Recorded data

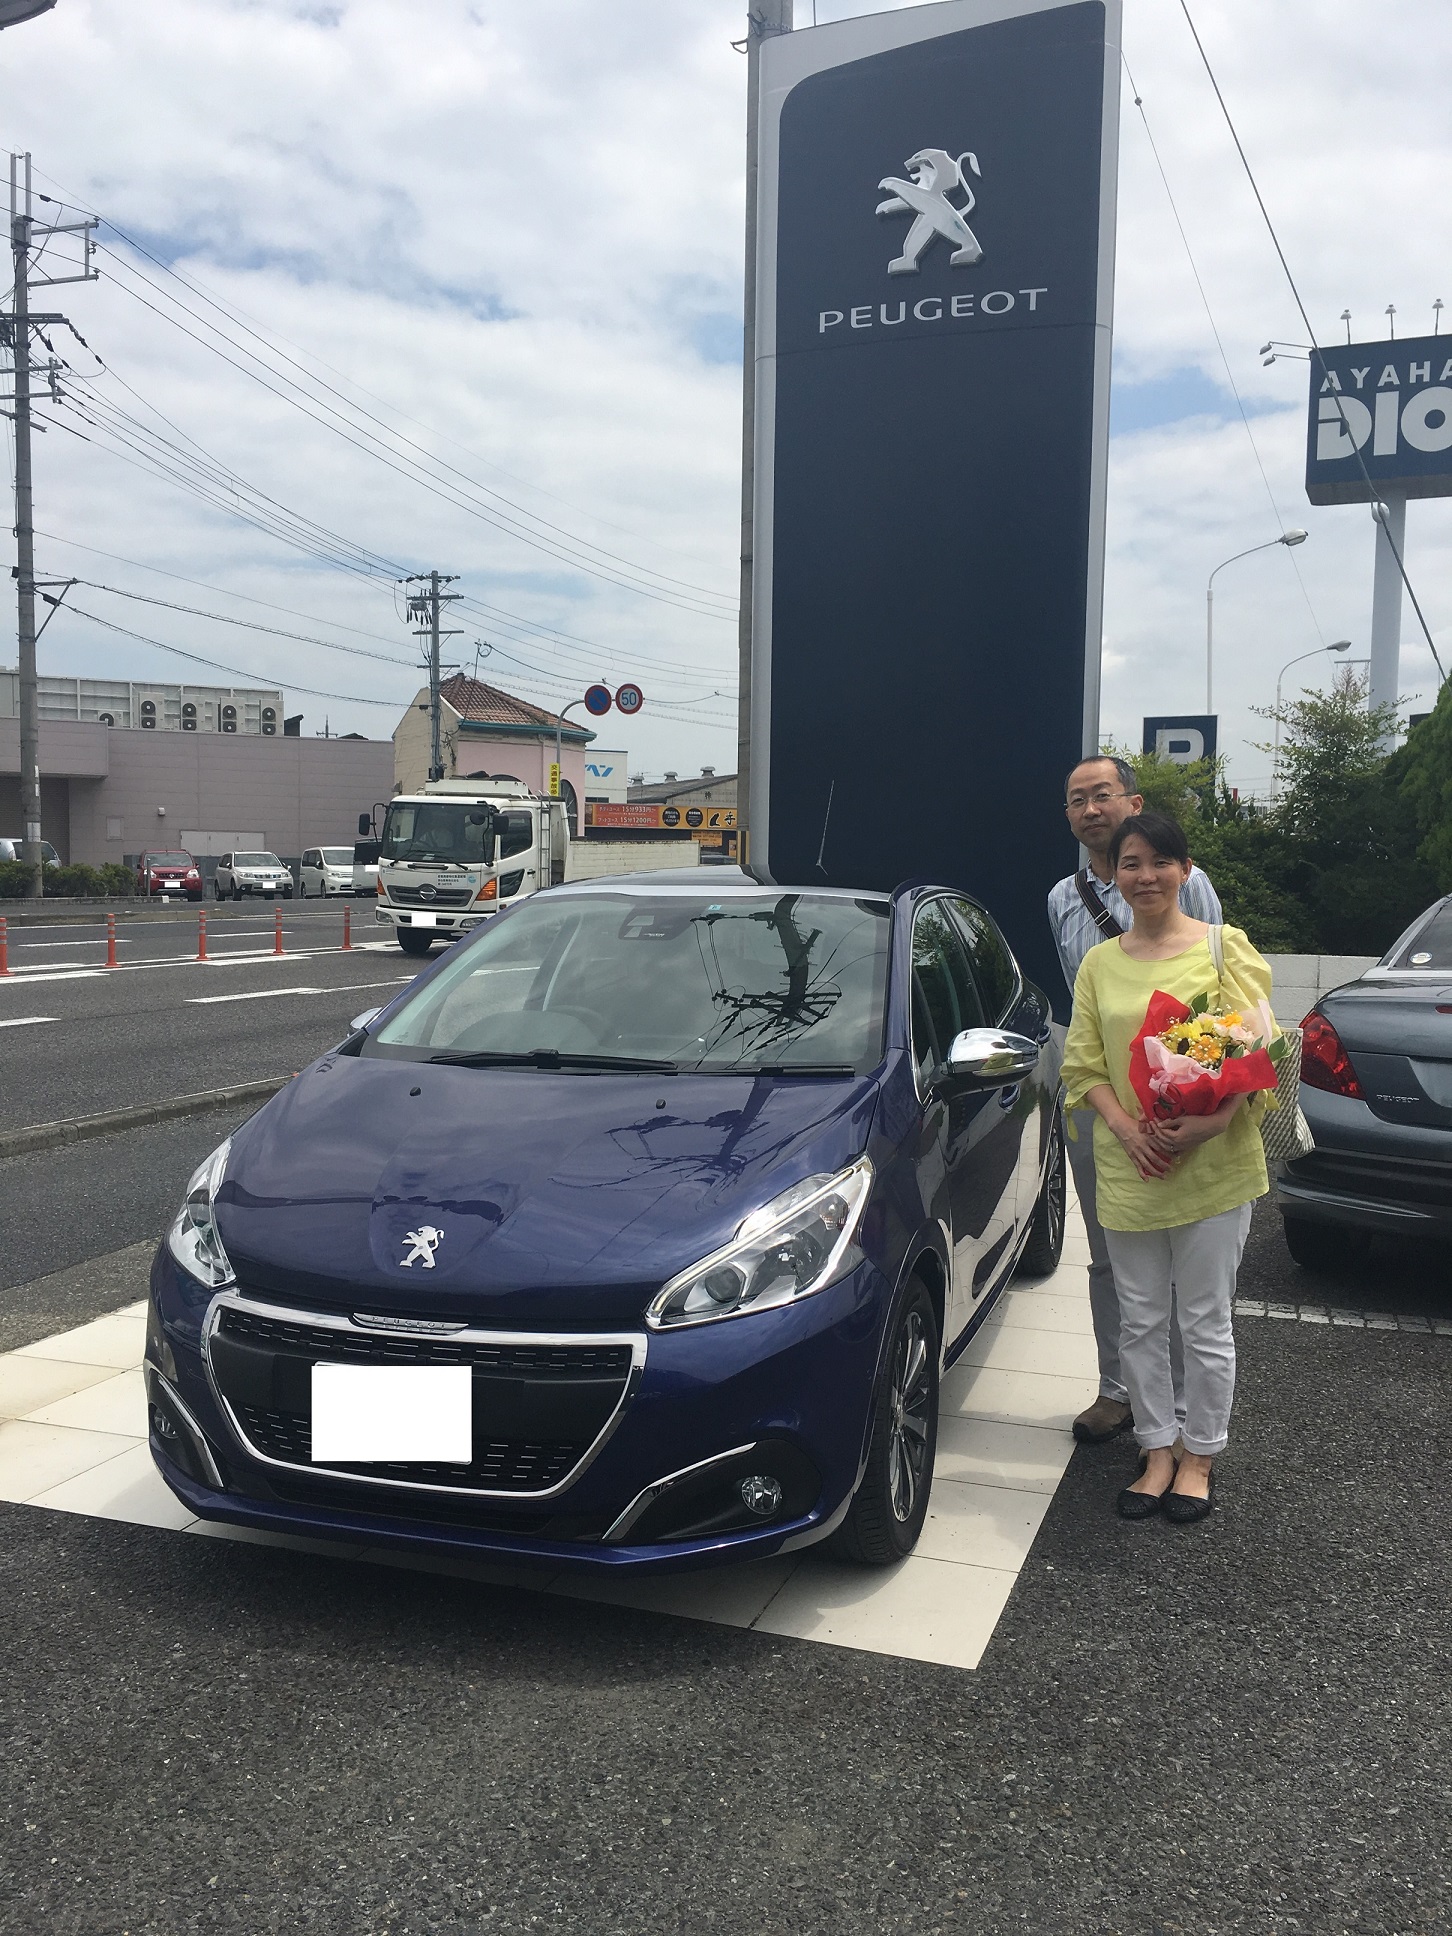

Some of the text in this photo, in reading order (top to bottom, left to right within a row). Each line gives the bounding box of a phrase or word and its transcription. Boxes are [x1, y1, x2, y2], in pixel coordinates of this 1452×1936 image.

[819, 287, 1048, 333] PEUGEOT
[1320, 358, 1452, 392] AYAHA
[1317, 386, 1452, 460] DIO
[621, 692, 637, 706] 50
[1155, 728, 1205, 765] P

DIRECTIONS FOR THIS TASK: Leave nothing out but the pictures when transcribing the records.

ANSWER AREA:
Some of the text in this photo, in reading order (top to bottom, left to right within a row). Each line gives the bounding box of a phrase or word and its transcription. Boxes are [x1, y1, x2, y2], in pixel coordinates of this 1452×1936 image.

[819, 287, 1048, 333] PEUGEOT
[1320, 358, 1452, 392] AYAHA
[1317, 386, 1452, 460] DIO
[621, 692, 637, 706] 50
[1155, 728, 1205, 765] P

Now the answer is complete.